▸ Task details: Copy every entry word for word, but skip the pictures.

▸ Records shown:
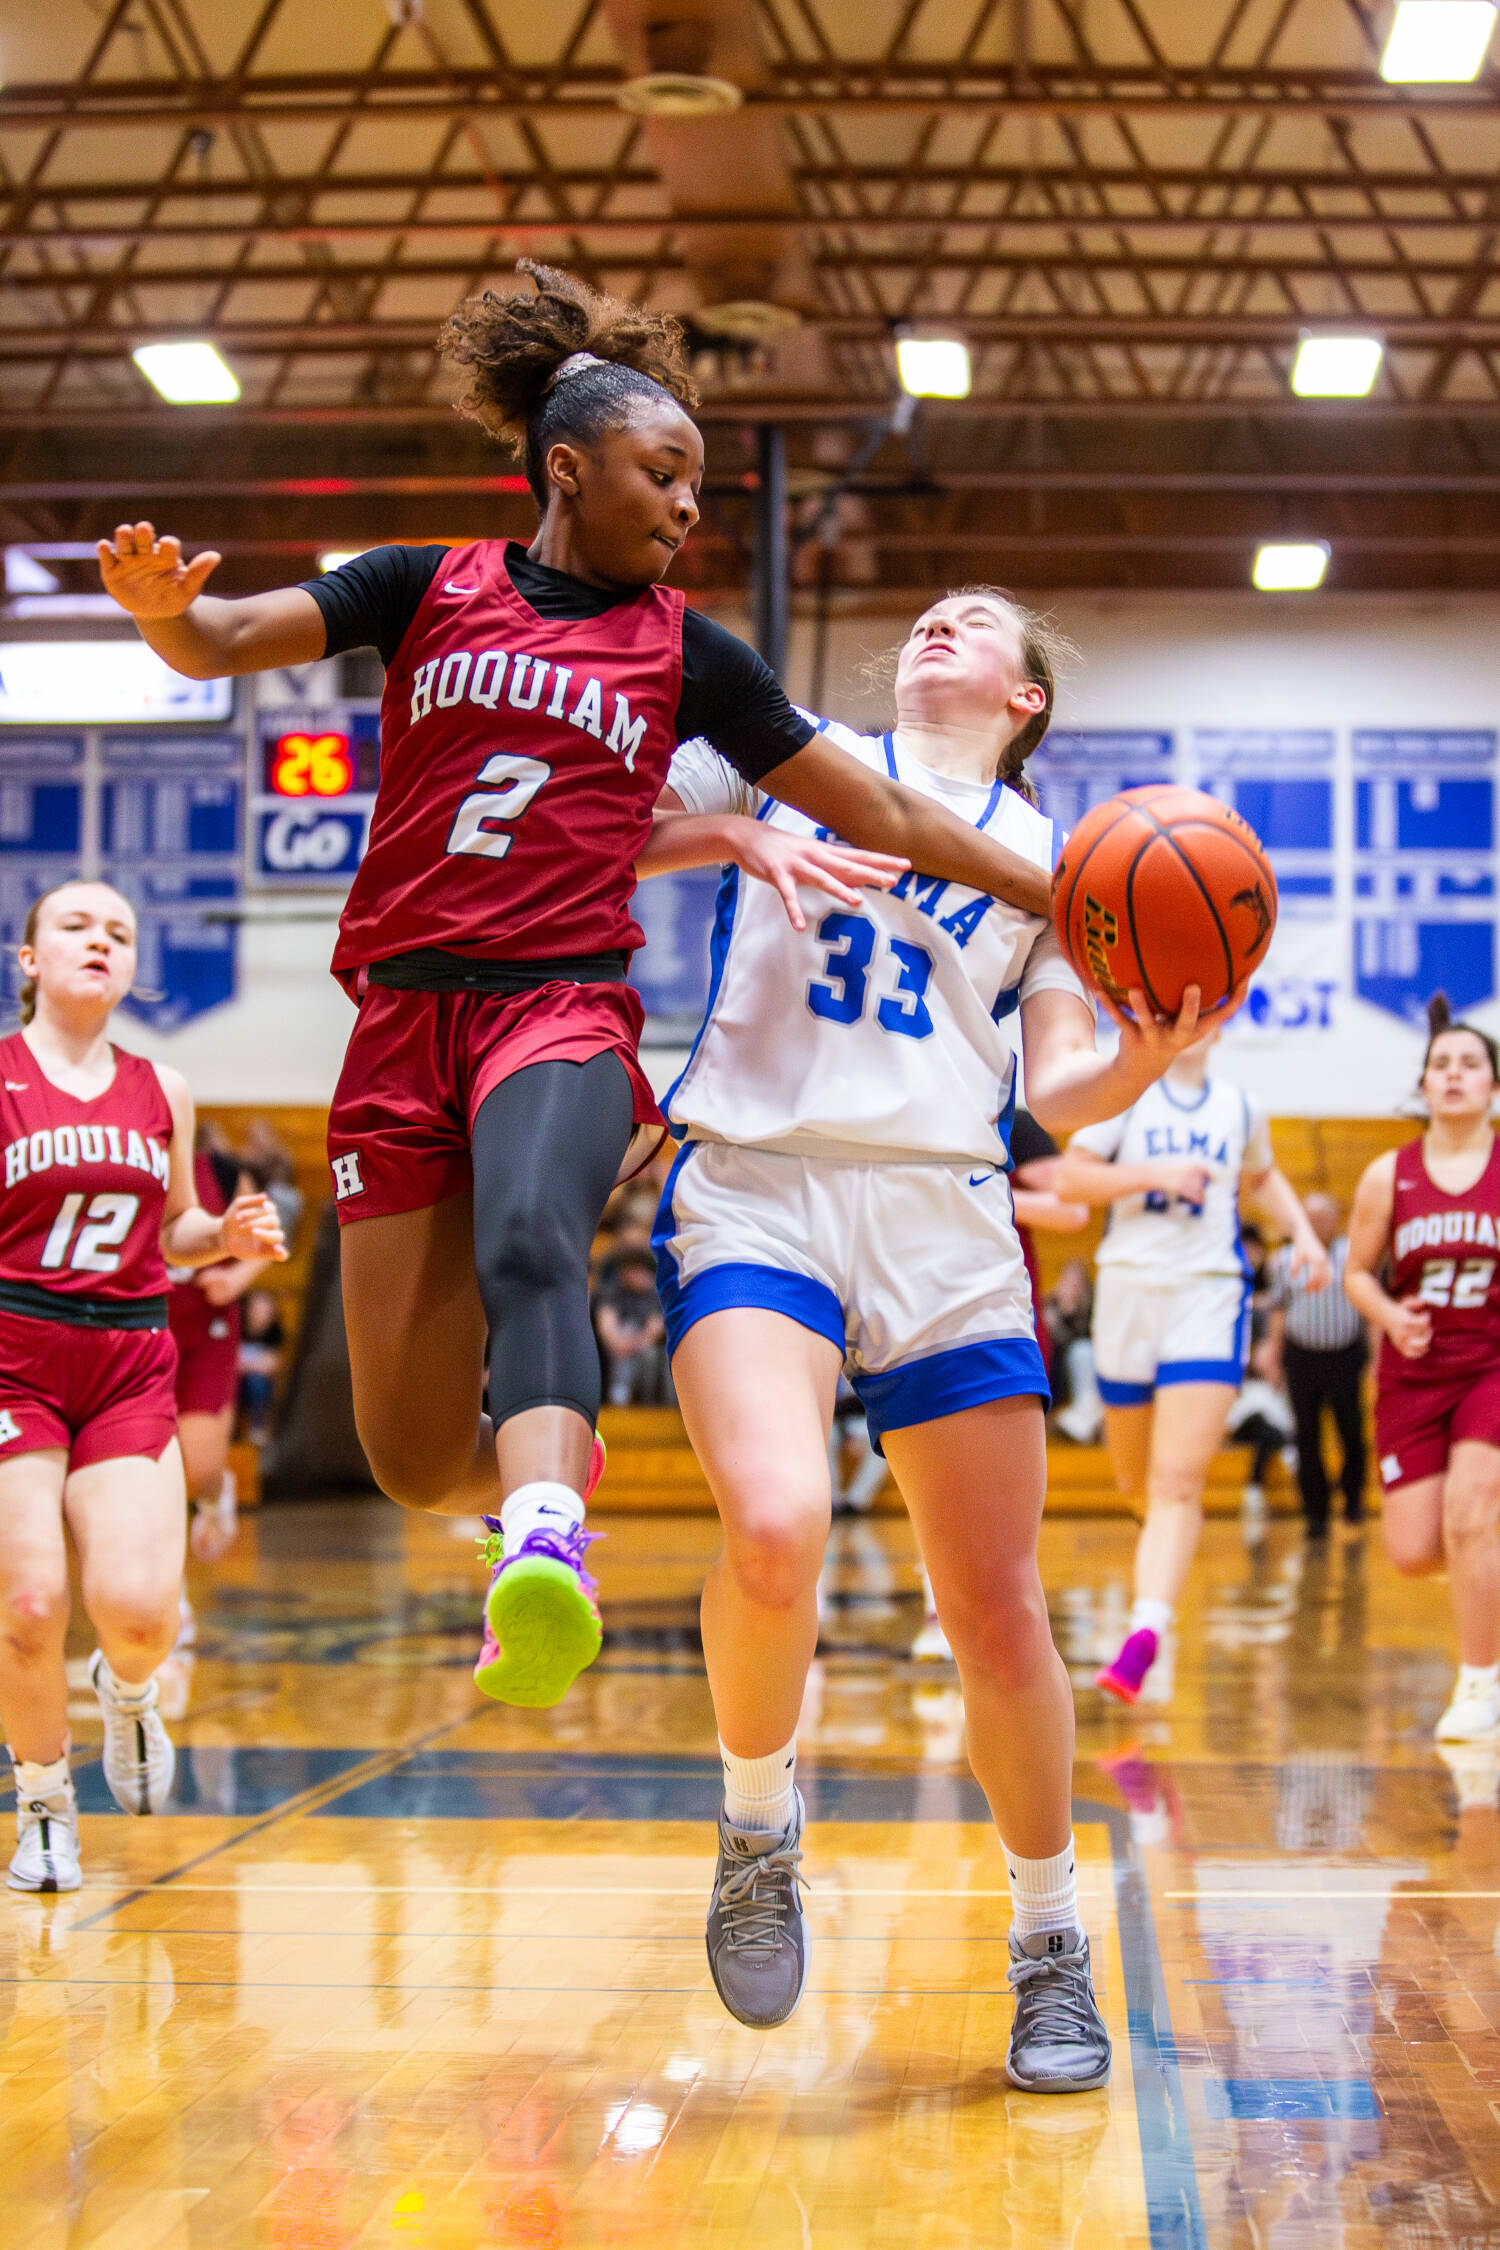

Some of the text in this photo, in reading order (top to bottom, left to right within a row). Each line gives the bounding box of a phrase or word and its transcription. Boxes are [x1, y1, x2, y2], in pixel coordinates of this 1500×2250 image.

[410, 650, 648, 774] HOQUIAM
[273, 732, 353, 797] 26
[265, 806, 350, 870] Go
[446, 752, 552, 860] 2
[807, 908, 937, 1043] 33
[4, 1125, 170, 1191] HOQUIAM
[331, 1151, 365, 1201] H
[1144, 1126, 1228, 1165] ELMA
[41, 1193, 139, 1272] 12
[1395, 1210, 1500, 1261] HOQUIA
[1419, 1258, 1496, 1308] 22

▸ Written solution:
Some of the text in this photo, in reading order (top to bottom, left to right within a row). Each line gives the bounding box of a phrase or word and its transcription. Boxes are [x1, y1, x2, y2], in pixel coordinates of this 1500×2250 image.

[410, 650, 648, 774] HOQUIAM
[273, 732, 353, 797] 26
[265, 806, 350, 870] Go
[446, 752, 552, 860] 2
[807, 908, 937, 1043] 33
[4, 1125, 170, 1191] HOQUIAM
[331, 1151, 365, 1201] H
[1144, 1126, 1228, 1165] ELMA
[41, 1193, 139, 1272] 12
[1395, 1210, 1500, 1261] HOQUIA
[1419, 1258, 1496, 1308] 22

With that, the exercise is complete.